The Hotel Bauen was a recuperated business located at 360 Callao Avenue in Buenos Aires run collectively by its workers, serving both as a hotel and as a free meeting place for Argentine leftist and workers' groups. It is also used as a personal residence by some of the worker-owners.

Inaugurated in 1978, the four-star establishment received generous government subsidies in anticipation of the 1978 FIFA World Cup, which took place in Buenos Aires that June. The original owner, Marcelo Iurcovich, received US$37 million for its development in 1976 from the Banco Nacional de Desarollo (BANADE), a state-owned business lender later absorbed into the Banco de la Nación Argentina. The hotel's finances worsened during the crisis in the early 2000s and after systematic firings, the Hotel Bauen was closed on December 28, 2001.

In March 2003, with the help of the Movimiento Nacional de Empresas Recuperadas (National Movement of Recovered Businesses, MNER), the hotel's former employees occupied the building. While fighting for ownership through activism and negotiation, they began repairs and slowly reopened for business.

However, the long-term legality of the worker's rights to ownership and operation were ambiguous. On October 21, 2005, the hotel was informed that, while a legal right of former employees to keep residence in the hotel was recognised, they were not permitted to function as a business. Upon delivery of this notice, entrances were closed off with official tape, but this tape was quickly removed by hotel workers, and business operations continue today.

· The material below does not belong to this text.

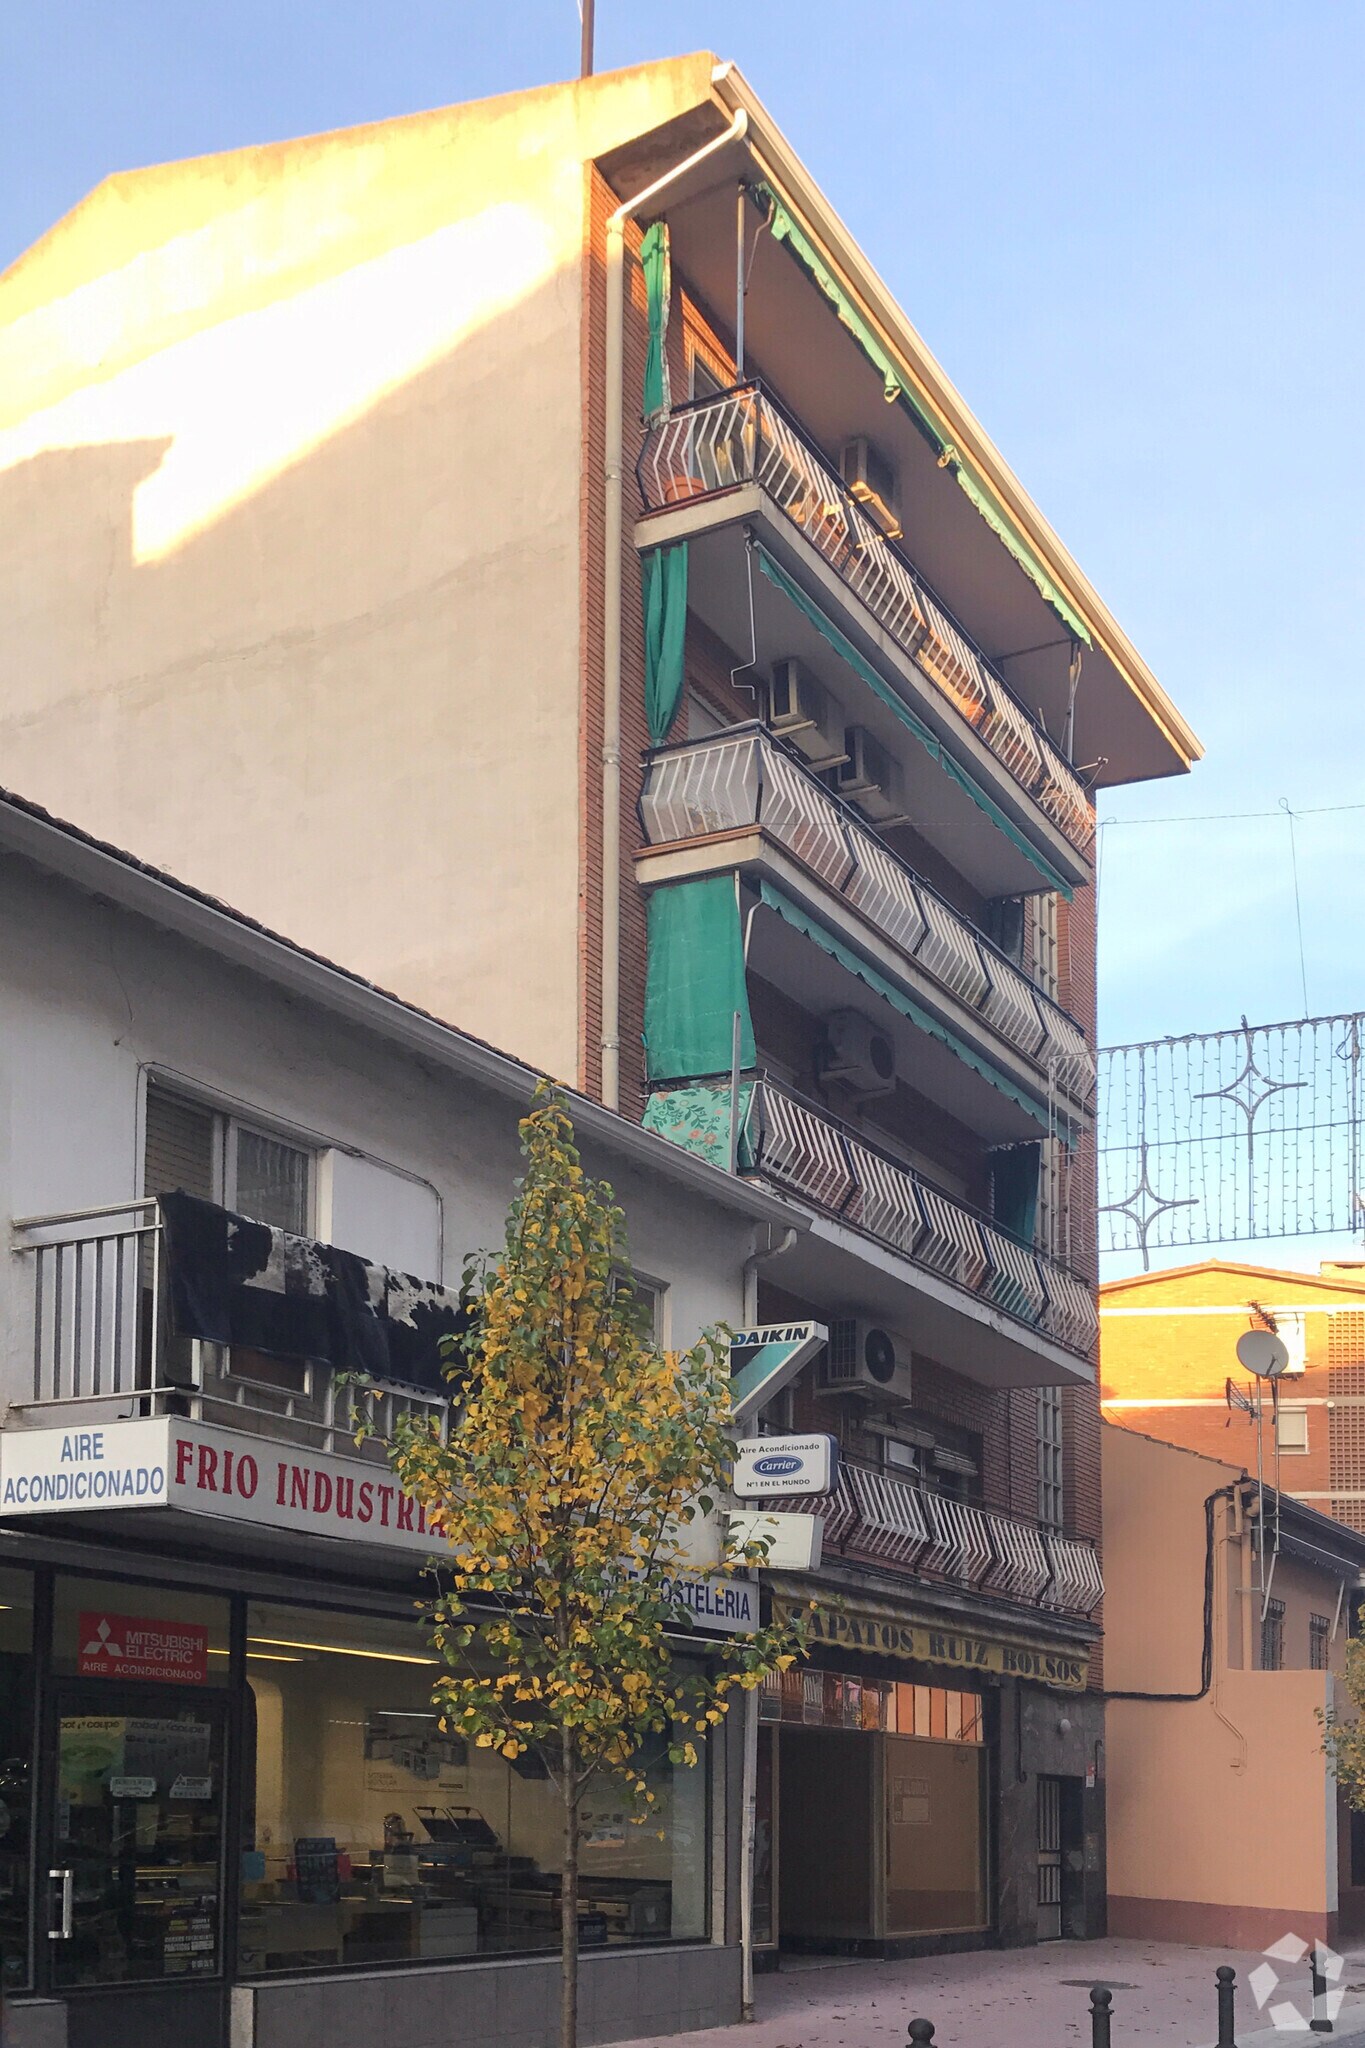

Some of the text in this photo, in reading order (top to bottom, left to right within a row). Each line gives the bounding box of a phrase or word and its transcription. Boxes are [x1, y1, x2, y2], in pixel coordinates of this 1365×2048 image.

In May 2006, Judge Carla Cavaliere officially approved the suspension of the closure order. The ownership of the building remains unclear. A bill of expropriation, the Ley Nacional de Expropiación, would have definitively entitled the Bauen workers to ownership of the hotel. Sponsored by Deputy Victoria Donda in the National Congress, the bill introduced in 2007 but failed to pass. During the 2010s, the hotel, still under the worker cooperative's management, barely managed to stay open. It finally closed down in mid-2020, citing the COVID-19 pandemic. Under a new court order, the building is to return to its original owners.